** Opening Task inputs block **
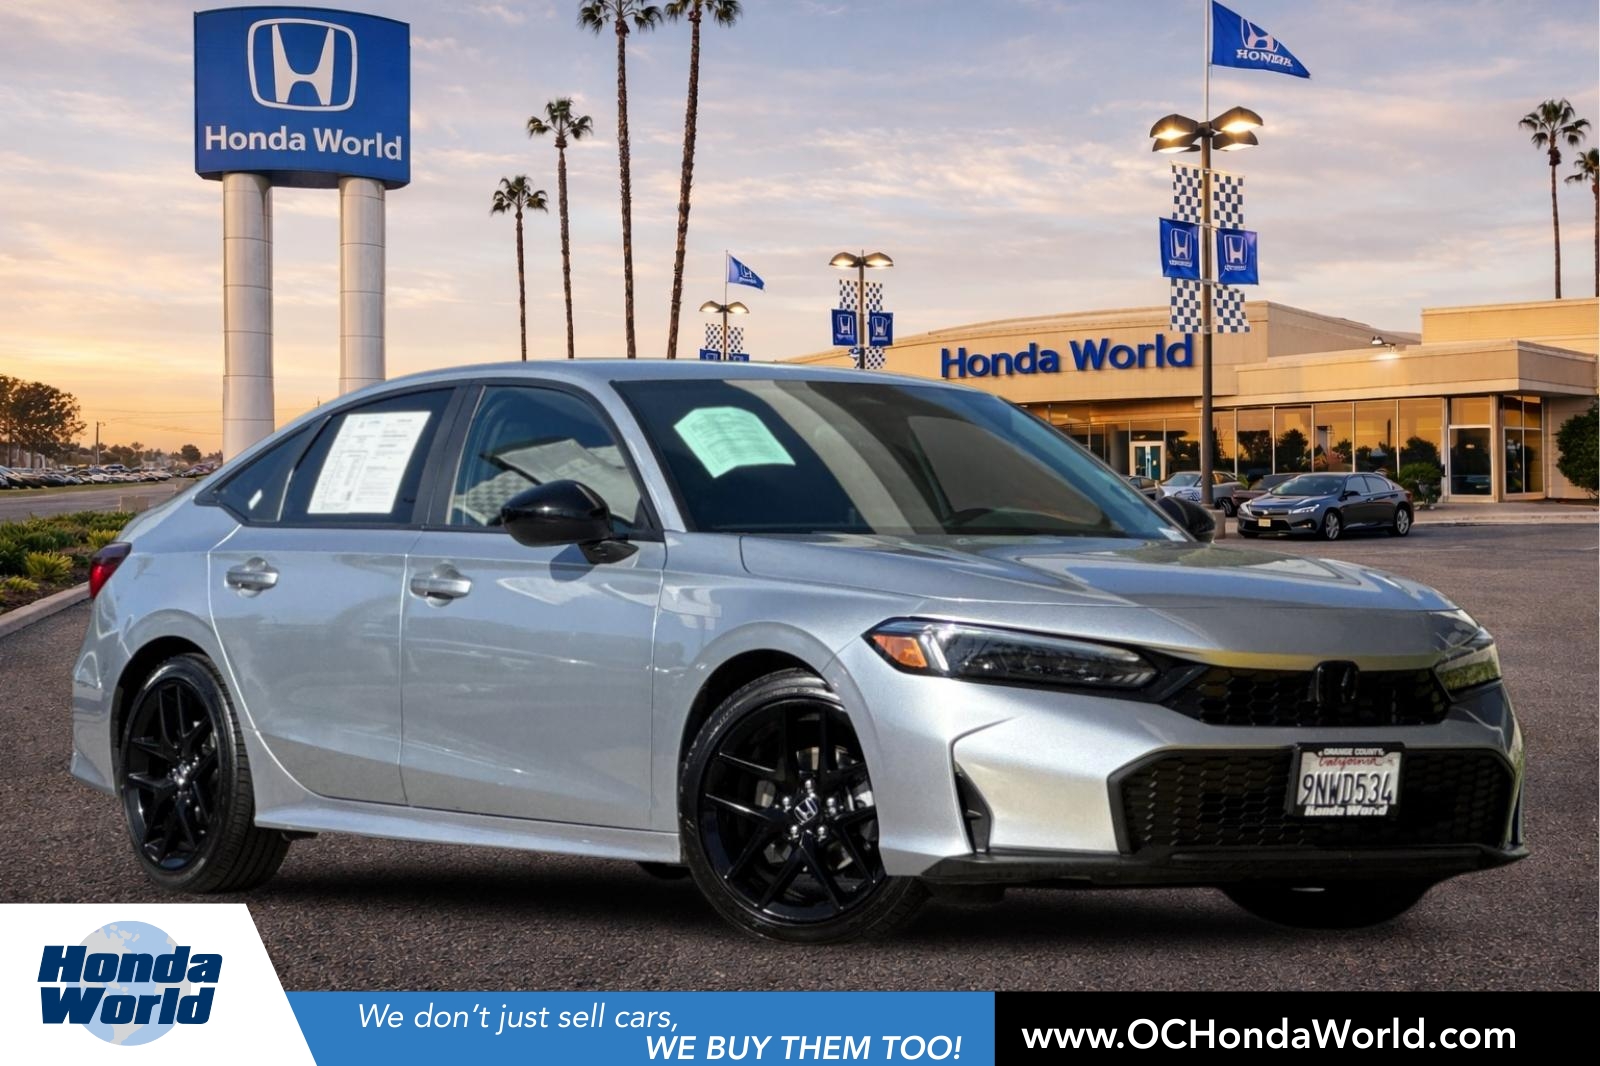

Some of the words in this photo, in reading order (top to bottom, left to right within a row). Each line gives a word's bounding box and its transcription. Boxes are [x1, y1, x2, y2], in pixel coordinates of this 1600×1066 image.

[205, 125, 306, 151] Honda
[312, 127, 402, 161] World
[941, 342, 1060, 379] Honda
[1069, 333, 1194, 372] World
[1301, 772, 1393, 806] 9NWD534
[1304, 805, 1346, 816] Honda
[1346, 805, 1388, 816] World
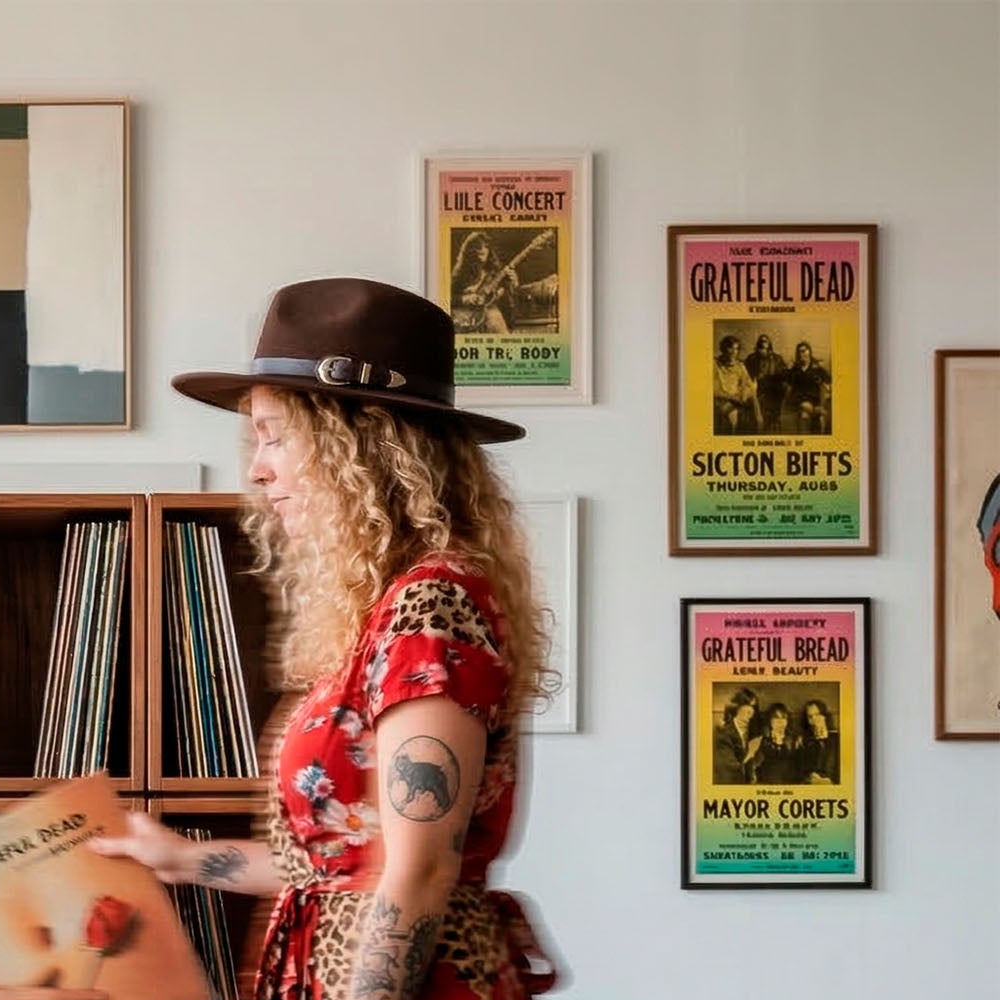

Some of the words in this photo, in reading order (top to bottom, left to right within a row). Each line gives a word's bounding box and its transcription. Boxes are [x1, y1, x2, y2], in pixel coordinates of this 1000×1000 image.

[492, 191, 566, 211] CONCERT
[690, 261, 794, 303] GRATEFUL
[801, 261, 855, 303] DEAD
[454, 347, 480, 360] OR
[692, 451, 775, 477] SICTON
[786, 451, 853, 477] BIFTS
[701, 637, 787, 663] GRATEFUL
[795, 637, 849, 662] BREAD
[703, 799, 770, 819] MAYOR
[778, 799, 849, 819] CORETS
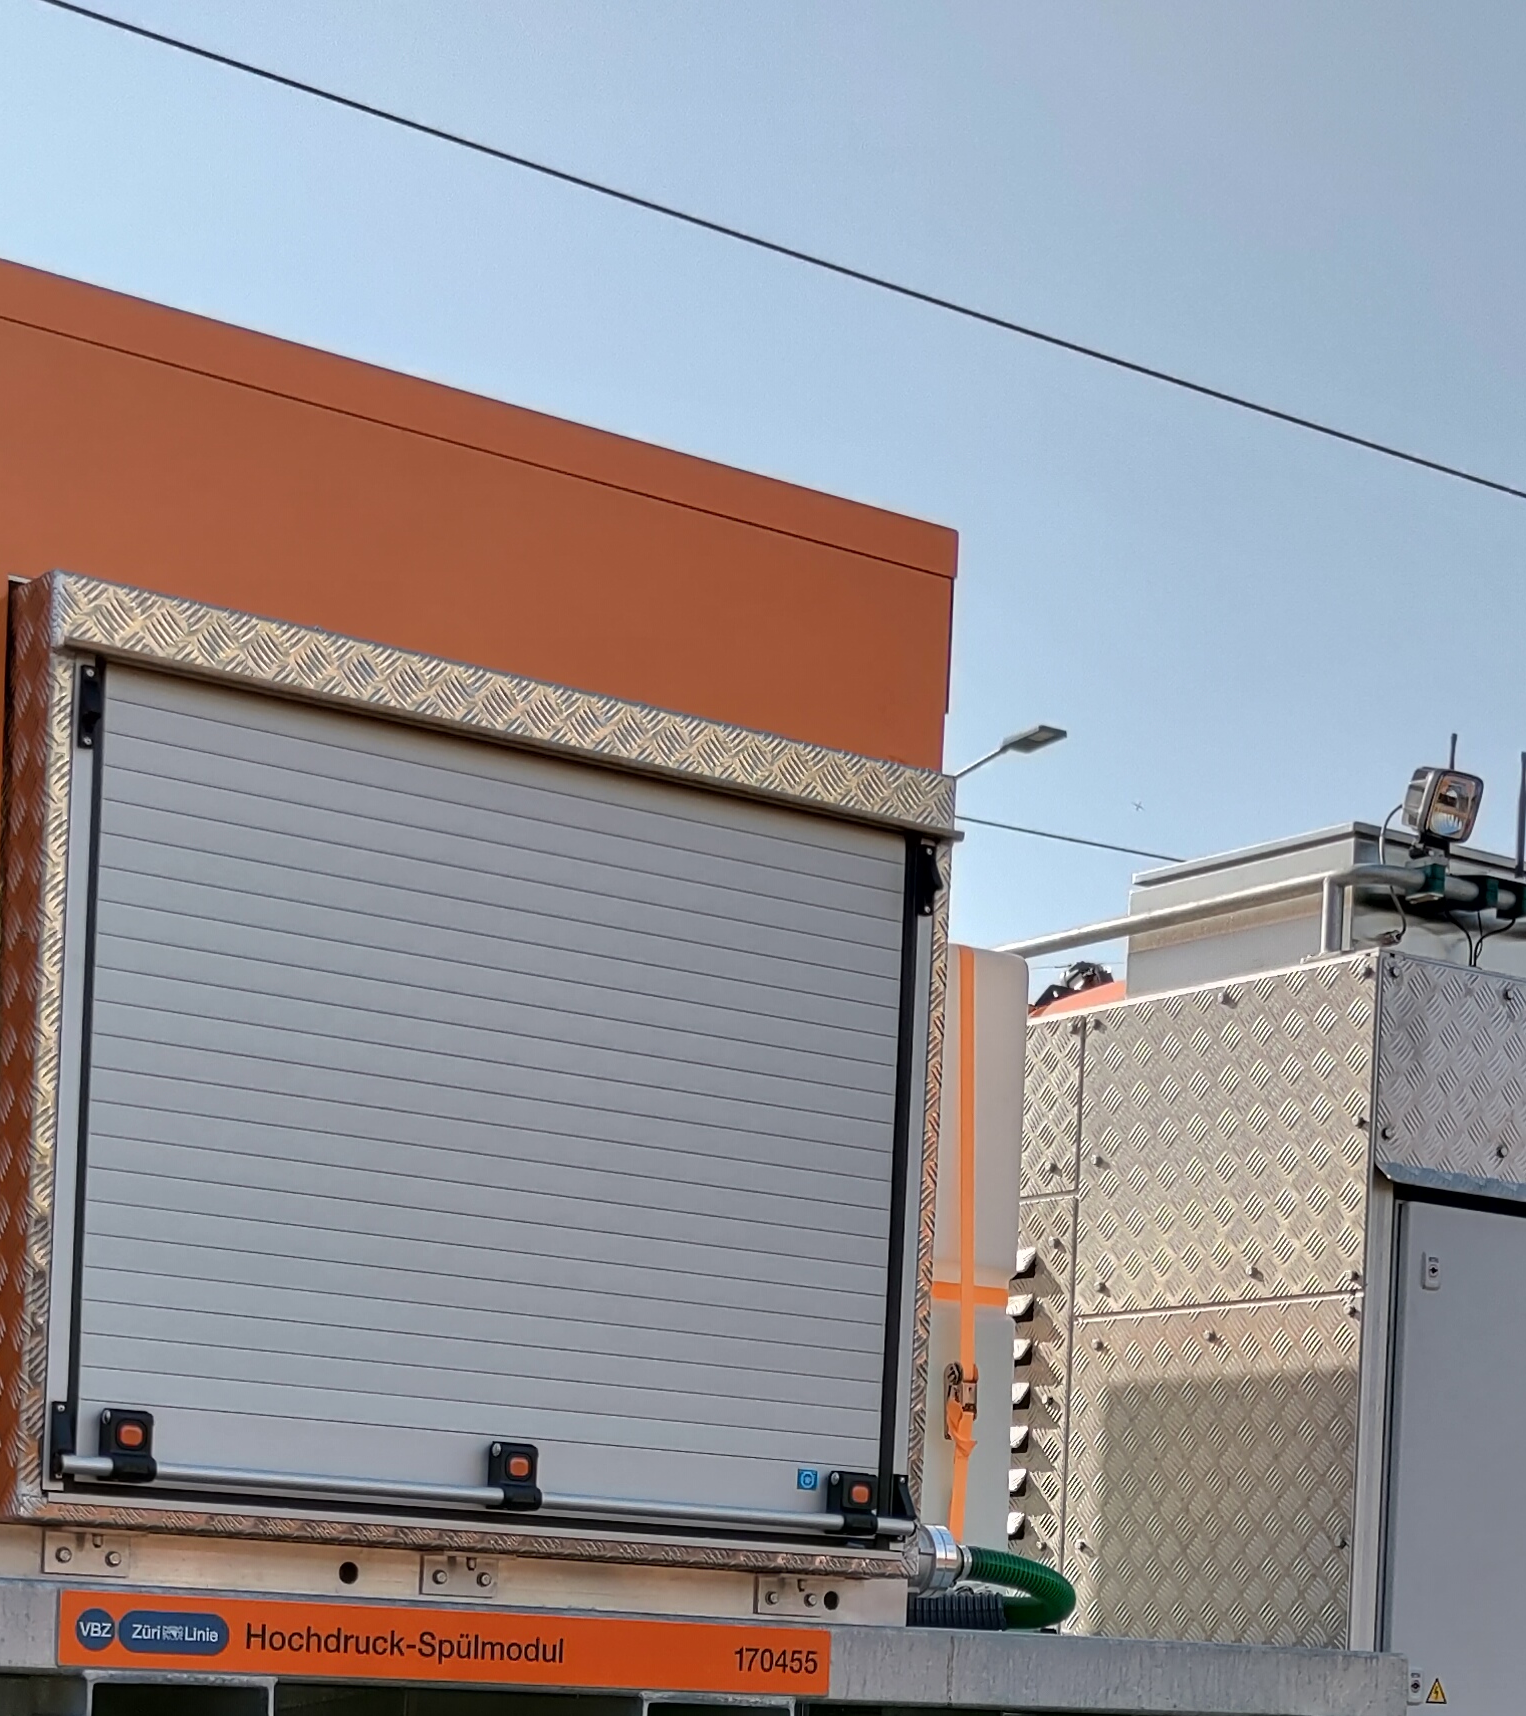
** Closing Task inputs block **
**What you are asked to do:** Reproduce exactly and only the lines from the "this 1000×1000 image." line to the last line of the records above. Do not carry over any pictures.

**Response box:**
Some of the words in this photo, in reading order (top to bottom, left to right within a row). Each line gives a word's bounding box and its transcription. Boxes are [x1, y1, x2, y2], in pixel coordinates of this 1000×1000 image.

[492, 191, 566, 211] CONCERT
[690, 261, 794, 303] GRATEFUL
[801, 261, 855, 303] DEAD
[454, 347, 480, 360] OR
[692, 451, 775, 477] SICTON
[786, 451, 853, 477] BIFTS
[701, 637, 787, 663] GRATEFUL
[795, 637, 849, 662] BREAD
[703, 799, 770, 819] MAYOR
[778, 799, 849, 819] CORETS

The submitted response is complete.